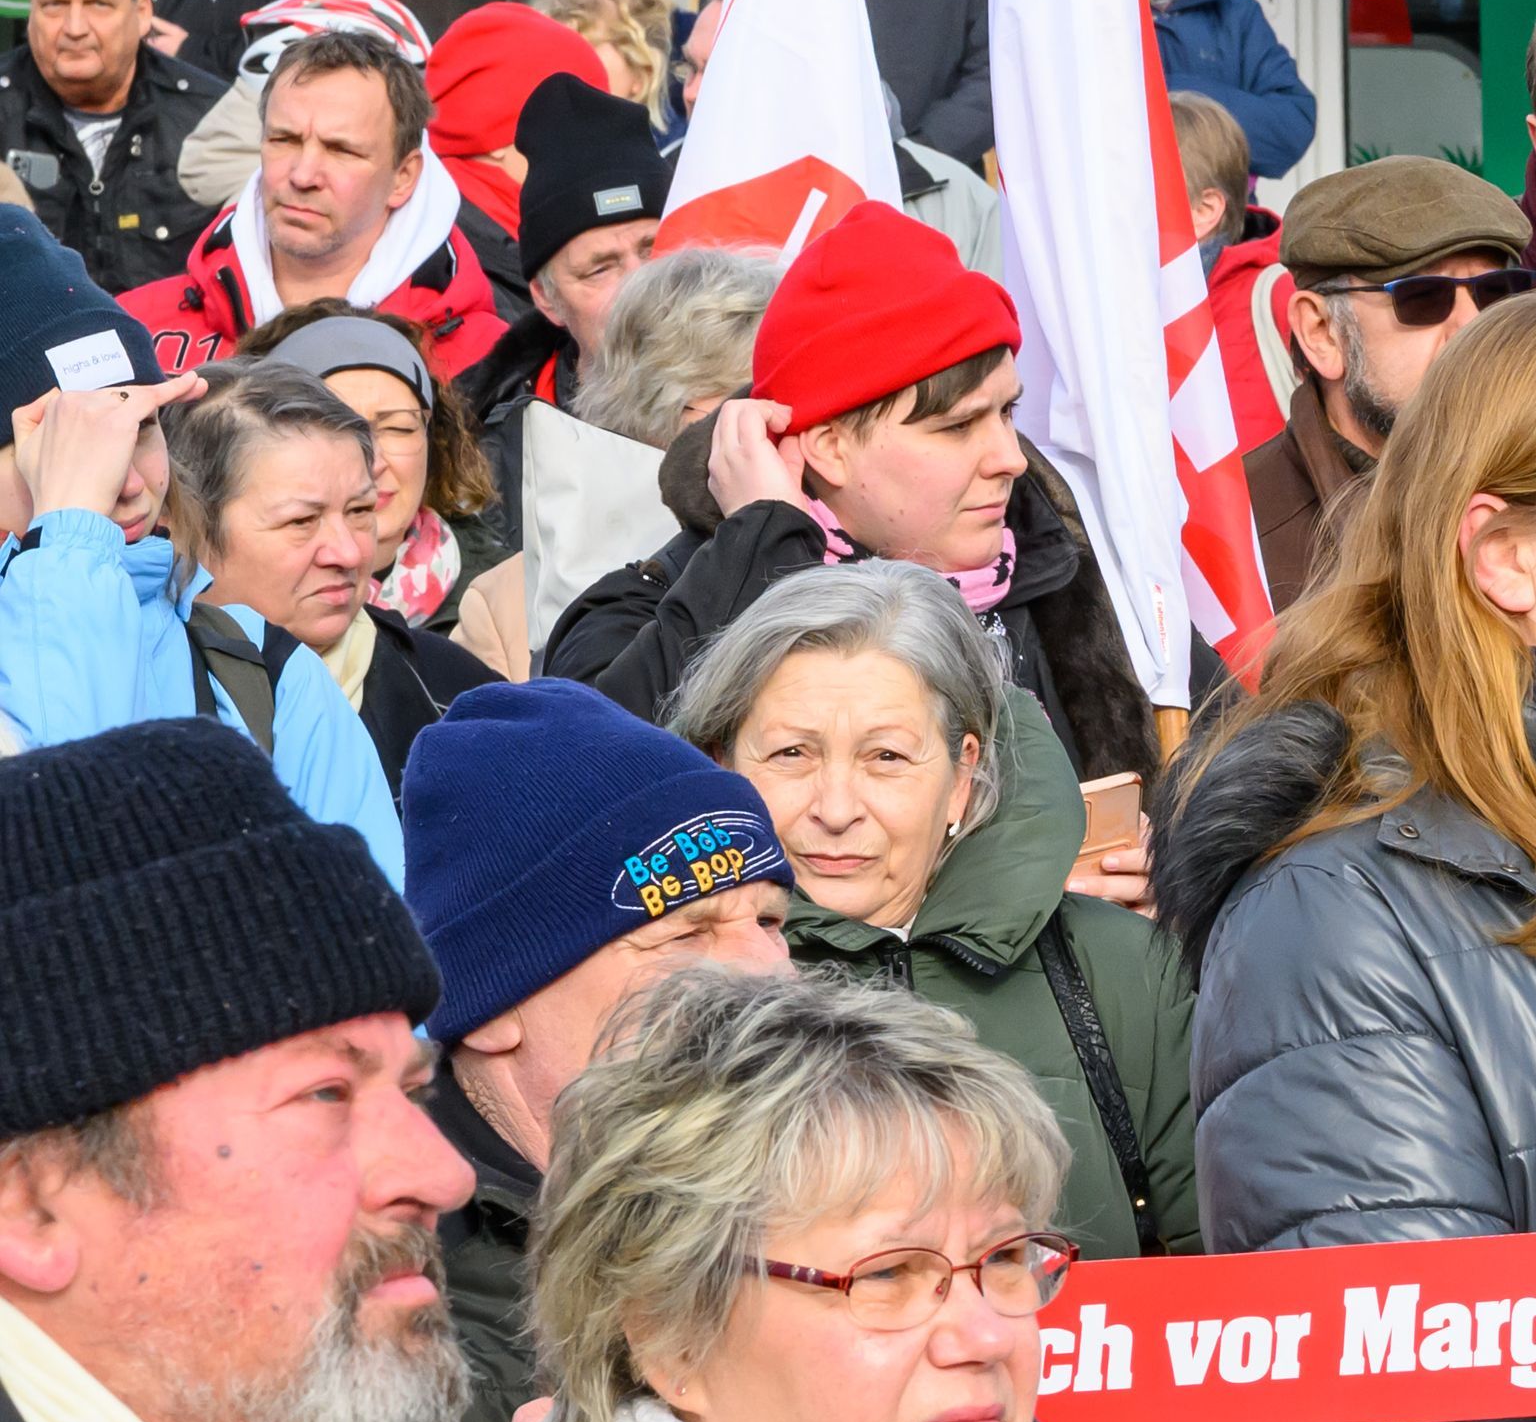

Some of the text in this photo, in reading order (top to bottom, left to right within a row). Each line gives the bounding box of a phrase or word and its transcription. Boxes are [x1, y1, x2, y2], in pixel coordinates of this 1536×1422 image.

[623, 819, 732, 886] Be Bob
[689, 847, 744, 894] Bop
[1165, 1312, 1312, 1386] vor
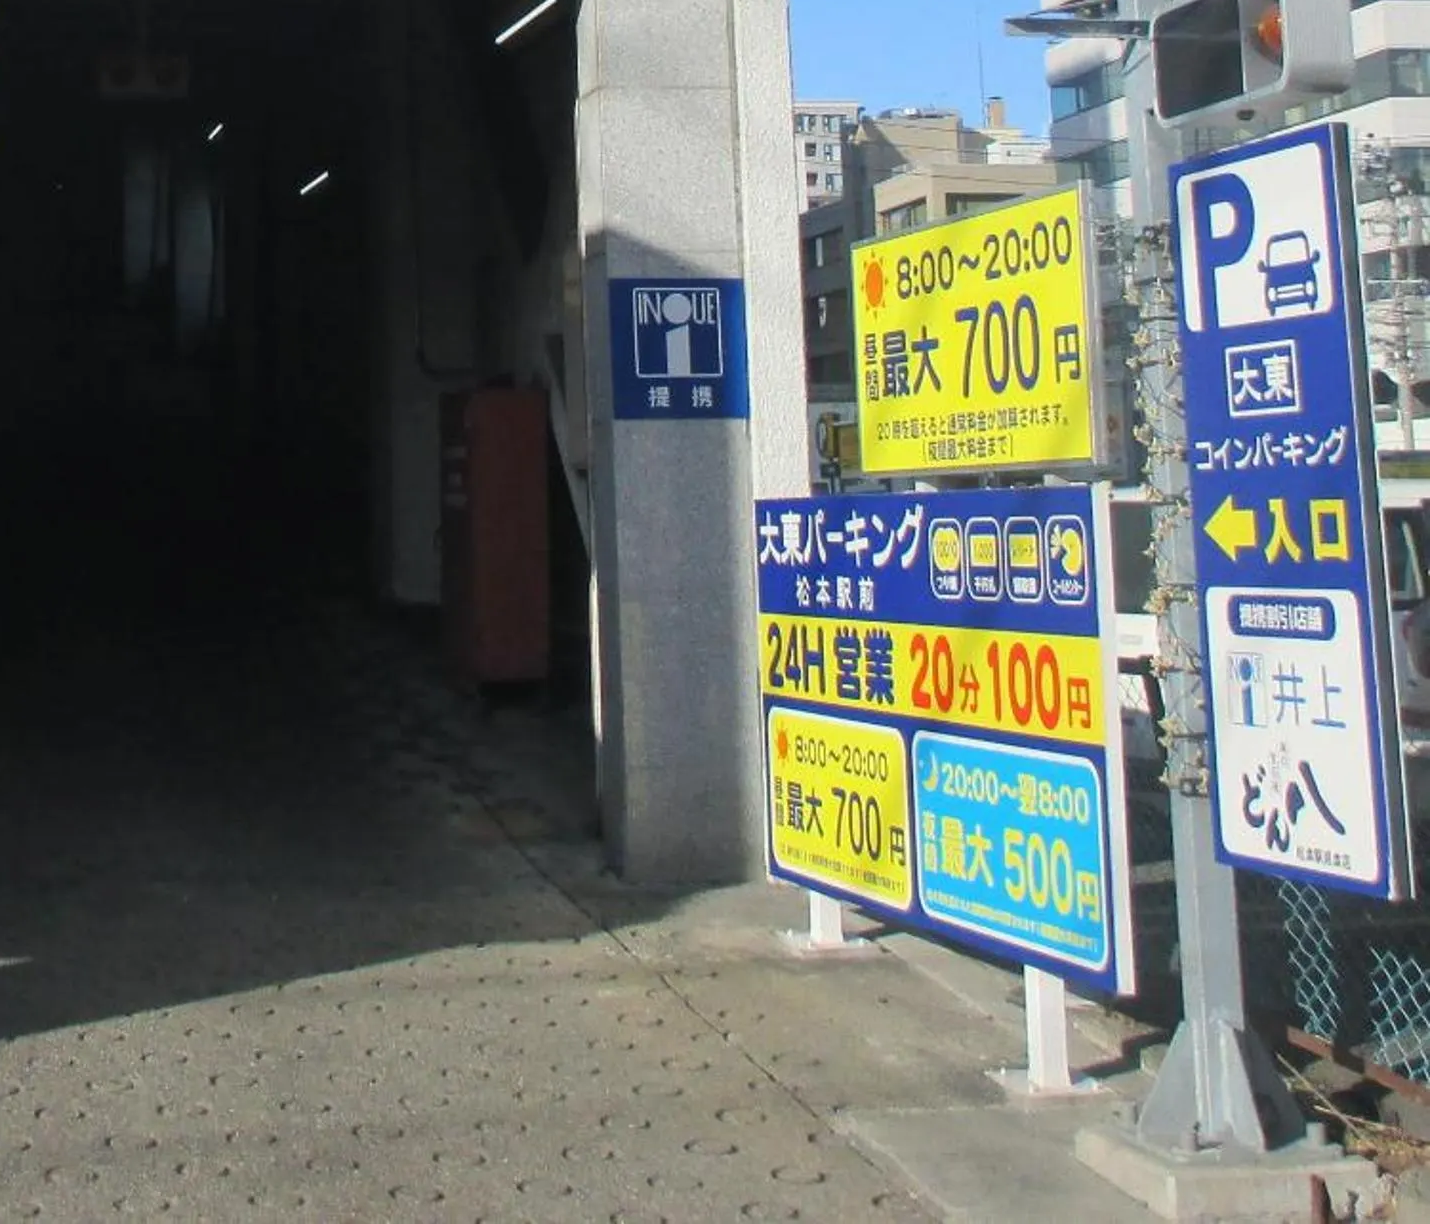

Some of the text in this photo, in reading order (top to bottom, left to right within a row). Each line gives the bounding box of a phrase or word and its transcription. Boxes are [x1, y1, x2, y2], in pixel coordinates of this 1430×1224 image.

[1192, 173, 1256, 331] P
[1233, 354, 1295, 404] 大東
[1195, 425, 1348, 471] コインパーキング
[759, 503, 924, 569] 大東パーキング
[1264, 497, 1350, 563] 入口
[796, 573, 874, 612] 松本駅前
[1272, 662, 1346, 729] 井上
==*==
◆ ACTIVITY ◆
Repeat the listing word for word, but without its pictures.

◆ WRITTEN SOLUTION ◆
Some of the text in this photo, in reading order (top to bottom, left to right within a row). Each line gives the bounding box of a phrase or word and its transcription. Boxes are [x1, y1, x2, y2], in pixel coordinates of this 1536×1422 image.

[623, 819, 732, 886] Be Bob
[689, 847, 744, 894] Bop
[1165, 1312, 1312, 1386] vor

Some of the text in this photo, in reading order (top to bottom, left to right within a row). Each line gives the bounding box of a phrase or word and its transcription. Boxes are [x1, y1, x2, y2], in pixel coordinates of this 1430×1224 image.

[1192, 173, 1256, 331] P
[1233, 354, 1295, 404] 大東
[1195, 425, 1348, 471] コインパーキング
[759, 503, 924, 569] 大東パーキング
[1264, 497, 1350, 563] 入口
[796, 573, 874, 612] 松本駅前
[1272, 662, 1346, 729] 井上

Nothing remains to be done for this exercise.